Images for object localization
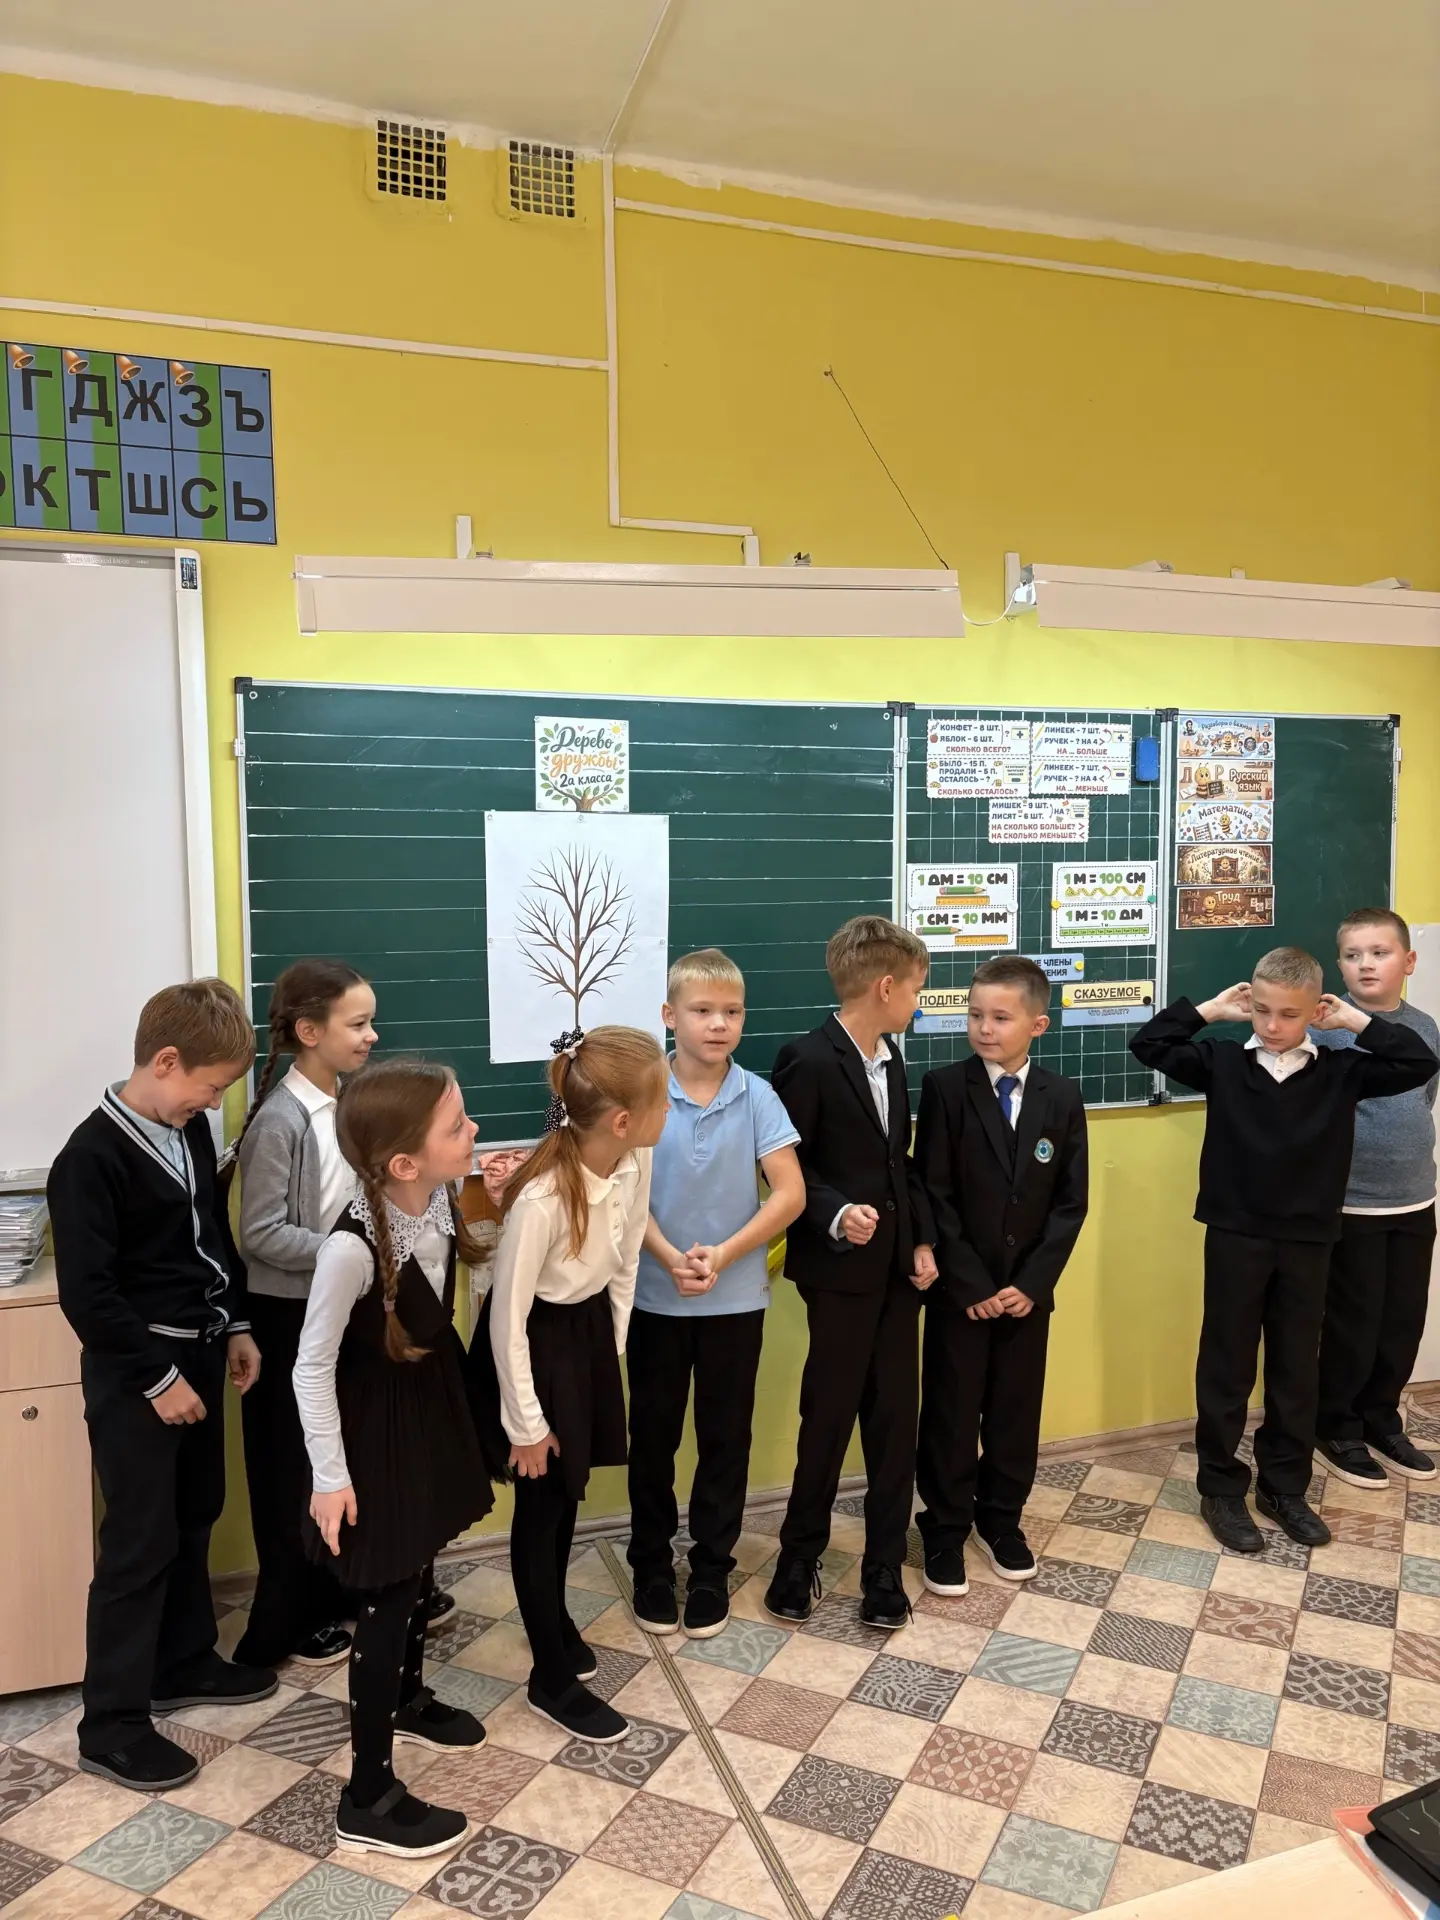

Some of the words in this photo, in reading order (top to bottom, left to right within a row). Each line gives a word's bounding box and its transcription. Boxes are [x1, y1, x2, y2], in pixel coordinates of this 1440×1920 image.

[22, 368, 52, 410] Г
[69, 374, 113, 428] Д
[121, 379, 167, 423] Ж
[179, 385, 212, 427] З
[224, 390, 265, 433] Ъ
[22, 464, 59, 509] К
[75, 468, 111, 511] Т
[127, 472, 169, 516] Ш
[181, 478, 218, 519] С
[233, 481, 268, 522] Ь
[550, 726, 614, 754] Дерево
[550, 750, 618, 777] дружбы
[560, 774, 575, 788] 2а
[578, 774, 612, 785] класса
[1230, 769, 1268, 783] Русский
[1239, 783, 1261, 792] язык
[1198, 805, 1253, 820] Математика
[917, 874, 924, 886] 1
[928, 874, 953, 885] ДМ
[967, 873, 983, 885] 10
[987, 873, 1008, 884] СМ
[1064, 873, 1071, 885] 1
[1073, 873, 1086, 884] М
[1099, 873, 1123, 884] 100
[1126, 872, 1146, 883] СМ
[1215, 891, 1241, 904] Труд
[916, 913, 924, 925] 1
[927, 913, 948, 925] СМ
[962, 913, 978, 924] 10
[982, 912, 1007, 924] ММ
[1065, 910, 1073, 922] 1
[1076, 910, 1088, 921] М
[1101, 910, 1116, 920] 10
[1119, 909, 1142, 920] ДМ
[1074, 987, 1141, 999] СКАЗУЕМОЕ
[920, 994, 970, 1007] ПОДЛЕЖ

Task to carry out -
Here the job is to print the data above exactly, except for any pictures.

Response box -
Some of the words in this photo, in reading order (top to bottom, left to right within a row). Each line gives a word's bounding box and its transcription. Boxes are [x1, y1, x2, y2], in pixel coordinates of this 1440×1920 image.

[22, 368, 52, 410] Г
[69, 374, 113, 428] Д
[121, 379, 167, 423] Ж
[179, 385, 212, 427] З
[224, 390, 265, 433] Ъ
[22, 464, 59, 509] К
[75, 468, 111, 511] Т
[127, 472, 169, 516] Ш
[181, 478, 218, 519] С
[233, 481, 268, 522] Ь
[550, 726, 614, 754] Дерево
[550, 750, 618, 777] дружбы
[560, 774, 575, 788] 2а
[578, 774, 612, 785] класса
[1230, 769, 1268, 783] Русский
[1239, 783, 1261, 792] язык
[1198, 805, 1253, 820] Математика
[917, 874, 924, 886] 1
[928, 874, 953, 885] ДМ
[967, 873, 983, 885] 10
[987, 873, 1008, 884] СМ
[1064, 873, 1071, 885] 1
[1073, 873, 1086, 884] М
[1099, 873, 1123, 884] 100
[1126, 872, 1146, 883] СМ
[1215, 891, 1241, 904] Труд
[916, 913, 924, 925] 1
[927, 913, 948, 925] СМ
[962, 913, 978, 924] 10
[982, 912, 1007, 924] ММ
[1065, 910, 1073, 922] 1
[1076, 910, 1088, 921] М
[1101, 910, 1116, 920] 10
[1119, 909, 1142, 920] ДМ
[1074, 987, 1141, 999] СКАЗУЕМОЕ
[920, 994, 970, 1007] ПОДЛЕЖ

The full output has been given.